News and Events

Tabitha Andrews ’24 gains hands-on museum curation experience

Student with museum exhibit
November 27, 2023
Linda Blaser

Tabitha Andrews ’24 had a great experience this fall organizing and installing an exhibit at the History Center of Lake Forest-Lake Bluff showcasing artifacts unearthed on South Campus by students in 2019.

For the history major and sociology and anthropology minor, the real-life project was a dream come true.

“It was a really good experience for me as someone who wants to work with museums,” Andrews said. “It’s very rare at my age to have the experience of being able to say, ‘Oh, I installed my own artifact exhibit.’”

Andrews created “Looking Archaeologically at the AME Church” from artifacts excavated and analyzed several years ago by students in Associate Professor of Anthropology Rebecca Graff’s Archaeological Field Methods course.  

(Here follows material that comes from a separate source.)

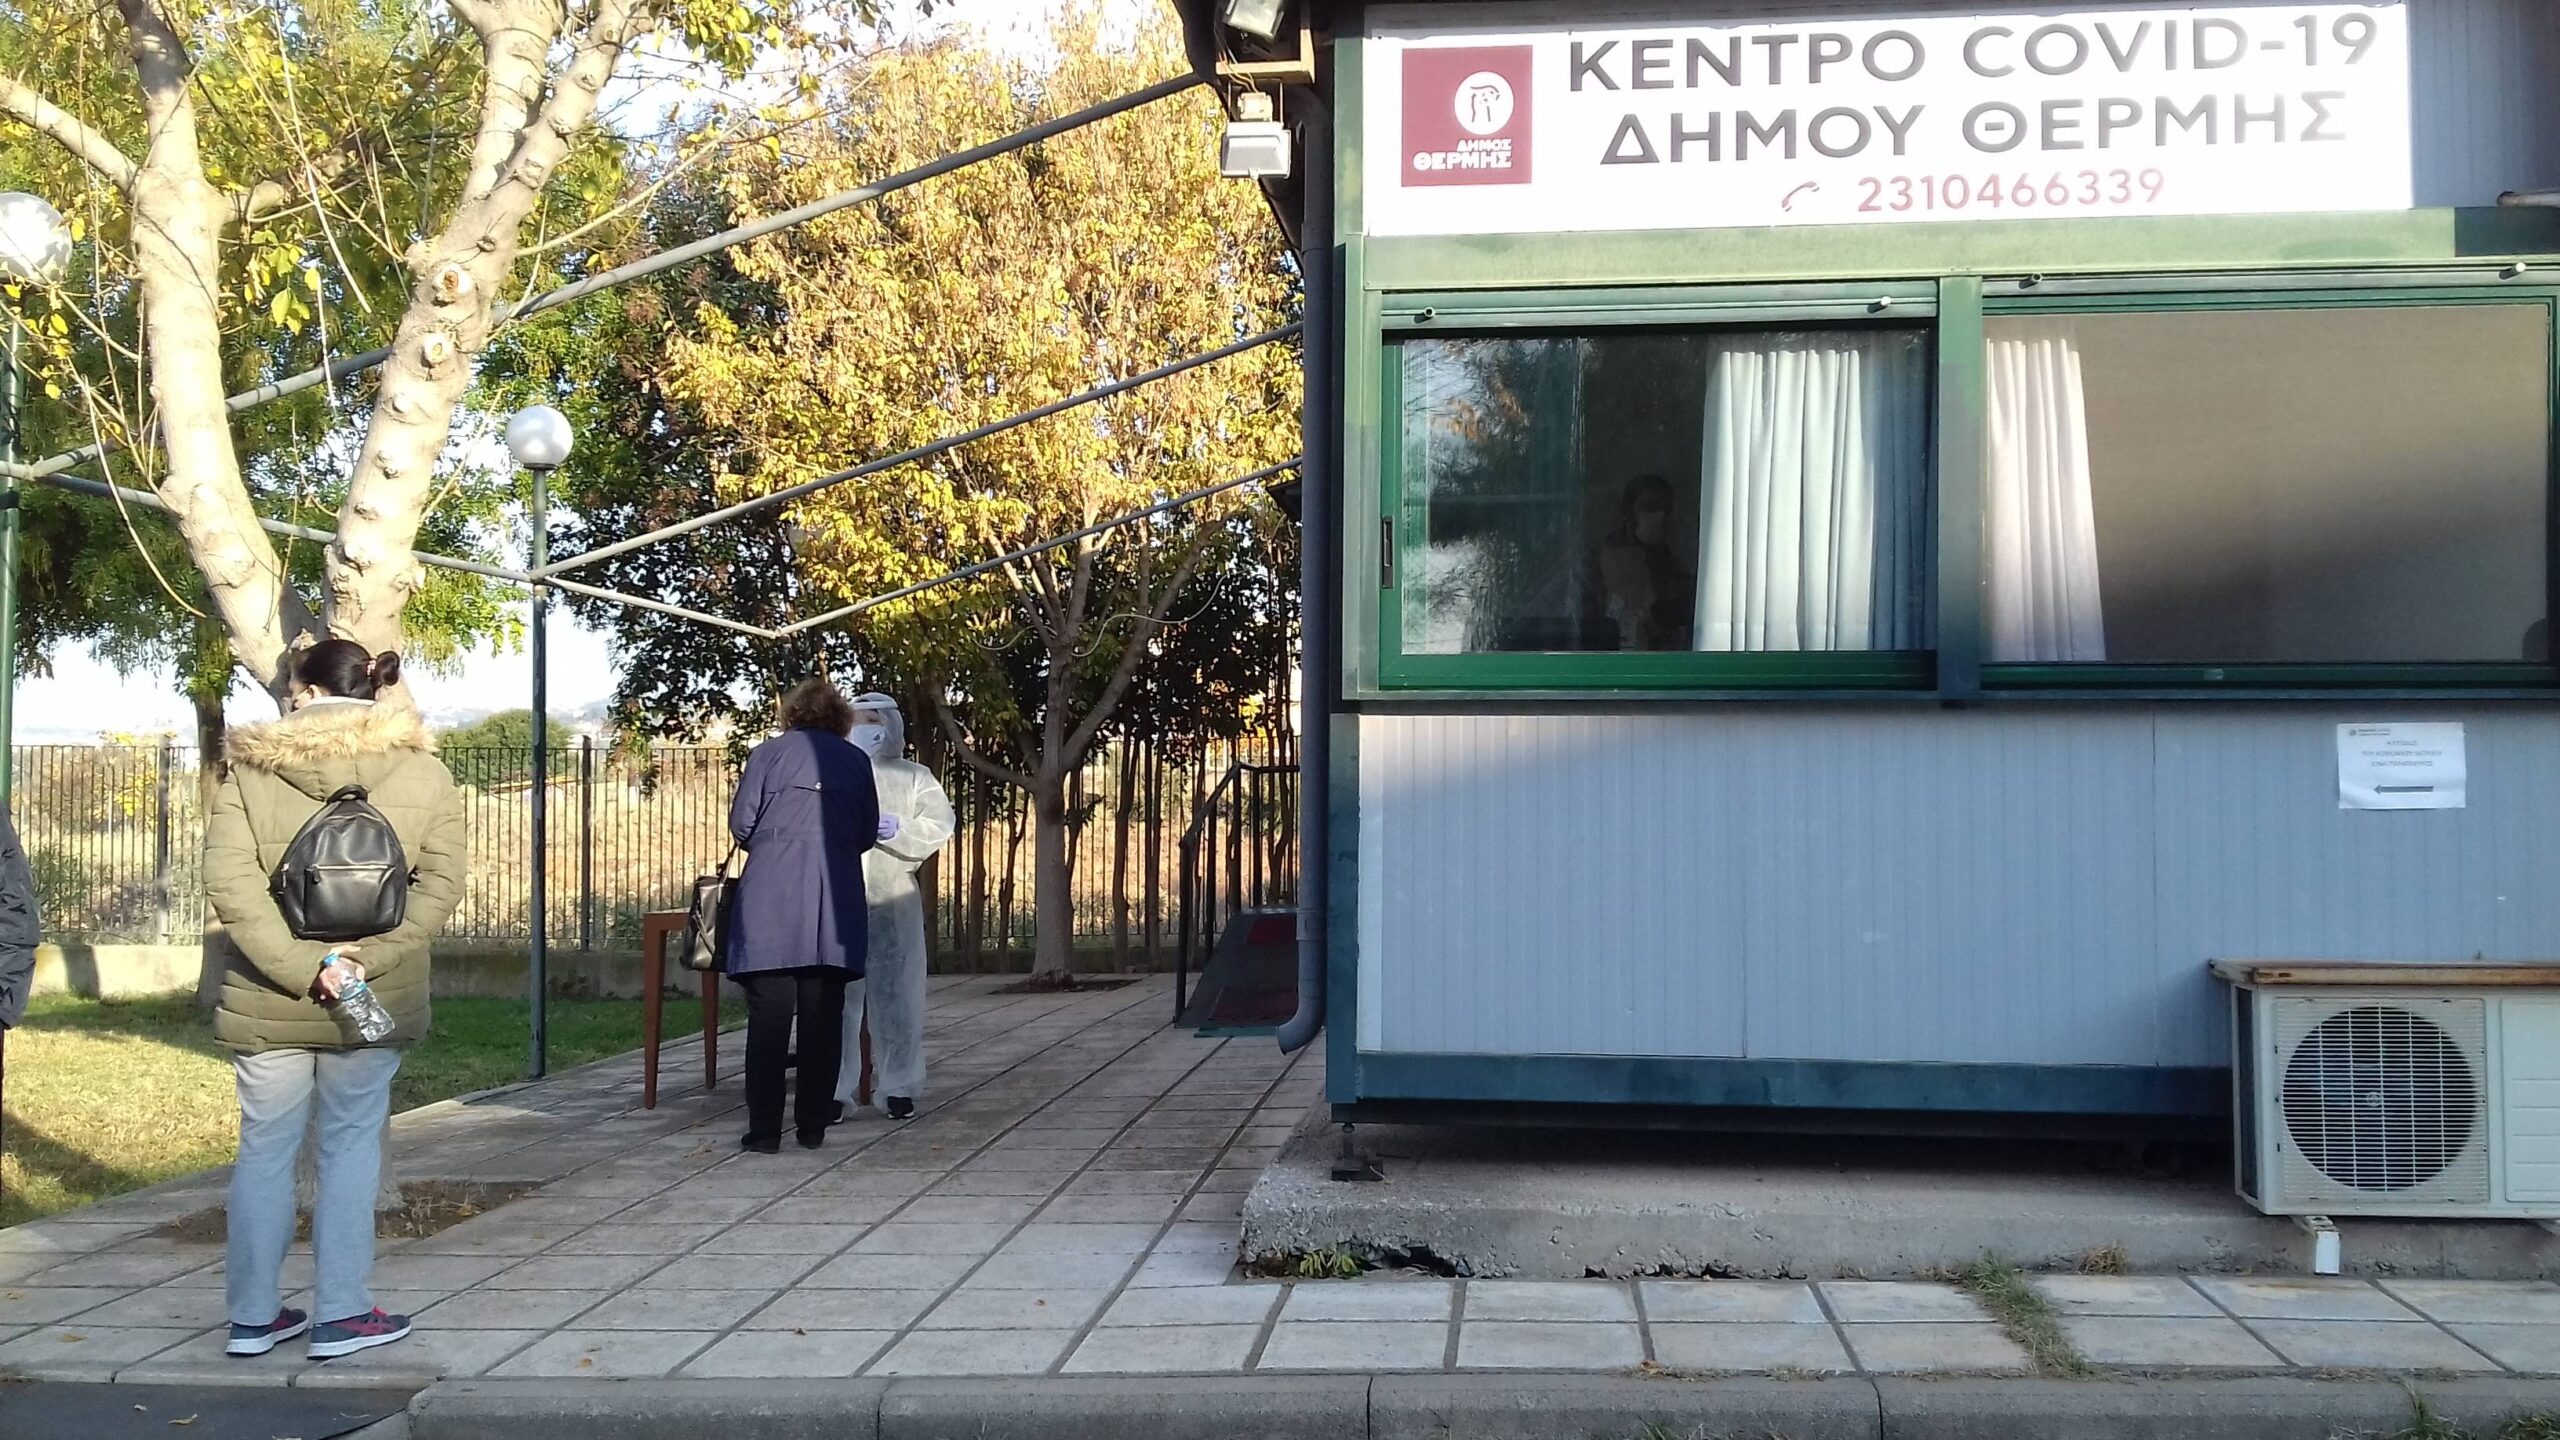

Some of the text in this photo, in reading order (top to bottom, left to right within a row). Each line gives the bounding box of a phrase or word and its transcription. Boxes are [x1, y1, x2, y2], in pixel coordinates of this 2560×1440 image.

Graff led her fall 2019 class in the archaeological dig at the previous site of the African Methodist Episcopal Church of Lake Forest. When it stood at the corner of Washington Avenue and South Campus Drive, the small building served as a place of worship from 1870 through the 1920s. The goal of the excavation was to raise awareness of the past and present Black communities of the North Shore and Chicago.

Four years later, Andrews spent her summer working as a Richter Scholar for Associate Professor of History and African American Studies Courtney Joseph researching the history of Lake Forest’s Black community while also excavating at IIT on Chicago’s South Side as part of Graff’s SOAN 205: Archaeology Field School. The Field School students searched for artifacts from the once-vibrant Armour Mission and Armour Flats, built by the Armour Meatpacking Company in the early 1880s for its workers. The IIT campus and surrounding areas were designated the Bronzeville–Black Metropolis National Heritage Area of Chicago in 2022.

“Tabby was perfectly placed to do this work,” Graff said of Andrews’ History Center project. “The small exhibit she put together added to Courtney’s amazing exhibit, ‘Deeply Rooted & Rising High: African American Experiences in Lake Forest,’ which already highlighted the former AME Church.”

The objective of the History Center project was “to photograph, research the artifacts, and choose which artifacts we wanted to put on display,” Andrews said. While the 2019 excavation didn’t uncover any infrastructure, “there were a few artifacts that really gave presence of the church.”

The artifacts Andrews chose to include in the display included three metal oil wick lamps, “all of those were still intact, which was just pretty amazing to see,” and shell buttons, which were popular during the time period and “the type of buttons that you would find on nicer clothing,” like clothing churchgoers of the era would wear.

A Bowman milk bottle—the major milk company in Chicago at the time—and a porcelaneous stoneware handle, “which would have been used for a teapot or a water basin or anything such as that,” were also included in the display, Andrews said. 

Andrews worked with both Graff and Deputy Director of the History Center and Head of Curation Laurie Stein to choose the artifacts she felt best represented the church itself and the time period. Andrews put together write-ups of the exhibit items, a short summary of the dig, and a drawing of how she wanted the exhibit set up.

“We worked on how we wanted the artifacts to look, what we wanted to be the focal point, and what we wanted to be a little bit more on the sidelines,” Andrews said. “We played around with how to set it up and make it appealing in an esthetic way that attracts attention. The way that it did end up looking was just amazing.”